Records excerpted from a collection
--- START ---

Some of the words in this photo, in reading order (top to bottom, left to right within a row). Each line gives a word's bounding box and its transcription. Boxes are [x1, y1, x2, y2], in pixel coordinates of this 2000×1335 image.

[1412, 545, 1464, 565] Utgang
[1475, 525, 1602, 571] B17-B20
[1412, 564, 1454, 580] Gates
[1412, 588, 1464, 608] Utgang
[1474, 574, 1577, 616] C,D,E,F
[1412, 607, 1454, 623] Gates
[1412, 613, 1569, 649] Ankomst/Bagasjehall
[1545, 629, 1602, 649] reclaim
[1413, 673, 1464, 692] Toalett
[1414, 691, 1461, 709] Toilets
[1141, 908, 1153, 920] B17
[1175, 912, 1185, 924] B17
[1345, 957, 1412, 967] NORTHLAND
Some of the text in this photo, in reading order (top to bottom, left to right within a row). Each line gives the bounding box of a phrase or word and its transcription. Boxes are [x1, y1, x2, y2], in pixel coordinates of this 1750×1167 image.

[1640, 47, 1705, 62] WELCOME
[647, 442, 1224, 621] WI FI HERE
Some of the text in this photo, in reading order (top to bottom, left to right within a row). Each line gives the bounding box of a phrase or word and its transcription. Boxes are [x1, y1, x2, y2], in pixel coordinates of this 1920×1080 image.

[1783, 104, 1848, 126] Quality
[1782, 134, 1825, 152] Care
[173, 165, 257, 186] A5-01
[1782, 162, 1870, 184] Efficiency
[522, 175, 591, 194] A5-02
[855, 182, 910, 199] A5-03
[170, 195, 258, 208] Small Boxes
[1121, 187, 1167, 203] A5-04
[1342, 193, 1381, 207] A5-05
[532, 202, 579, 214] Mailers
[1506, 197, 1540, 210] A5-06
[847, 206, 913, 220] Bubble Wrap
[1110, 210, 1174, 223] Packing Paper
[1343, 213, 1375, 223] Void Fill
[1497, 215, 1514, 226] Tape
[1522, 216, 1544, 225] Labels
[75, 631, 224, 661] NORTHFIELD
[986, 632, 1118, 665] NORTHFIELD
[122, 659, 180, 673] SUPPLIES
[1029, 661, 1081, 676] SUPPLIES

--- END ---

Exercise brief. Copy all of the data exactly.

Exercise response.
Some of the words in this photo, in reading order (top to bottom, left to right within a row). Each line gives a word's bounding box and its transcription. Boxes are [x1, y1, x2, y2], in pixel coordinates of this 2000×1335 image.

[1412, 545, 1464, 565] Utgang
[1475, 525, 1602, 571] B17-B20
[1412, 564, 1454, 580] Gates
[1412, 588, 1464, 608] Utgang
[1474, 574, 1577, 616] C,D,E,F
[1412, 607, 1454, 623] Gates
[1412, 613, 1569, 649] Ankomst/Bagasjehall
[1545, 629, 1602, 649] reclaim
[1413, 673, 1464, 692] Toalett
[1414, 691, 1461, 709] Toilets
[1141, 908, 1153, 920] B17
[1175, 912, 1185, 924] B17
[1345, 957, 1412, 967] NORTHLAND
Some of the text in this photo, in reading order (top to bottom, left to right within a row). Each line gives the bounding box of a phrase or word and its transcription. Boxes are [x1, y1, x2, y2], in pixel coordinates of this 1750×1167 image.

[1640, 47, 1705, 62] WELCOME
[647, 442, 1224, 621] WI FI HERE
Some of the text in this photo, in reading order (top to bottom, left to right within a row). Each line gives the bounding box of a phrase or word and its transcription. Boxes are [x1, y1, x2, y2], in pixel coordinates of this 1920×1080 image.

[1783, 104, 1848, 126] Quality
[1782, 134, 1825, 152] Care
[173, 165, 257, 186] A5-01
[1782, 162, 1870, 184] Efficiency
[522, 175, 591, 194] A5-02
[855, 182, 910, 199] A5-03
[170, 195, 258, 208] Small Boxes
[1121, 187, 1167, 203] A5-04
[1342, 193, 1381, 207] A5-05
[532, 202, 579, 214] Mailers
[1506, 197, 1540, 210] A5-06
[847, 206, 913, 220] Bubble Wrap
[1110, 210, 1174, 223] Packing Paper
[1343, 213, 1375, 223] Void Fill
[1497, 215, 1514, 226] Tape
[1522, 216, 1544, 225] Labels
[75, 631, 224, 661] NORTHFIELD
[986, 632, 1118, 665] NORTHFIELD
[122, 659, 180, 673] SUPPLIES
[1029, 661, 1081, 676] SUPPLIES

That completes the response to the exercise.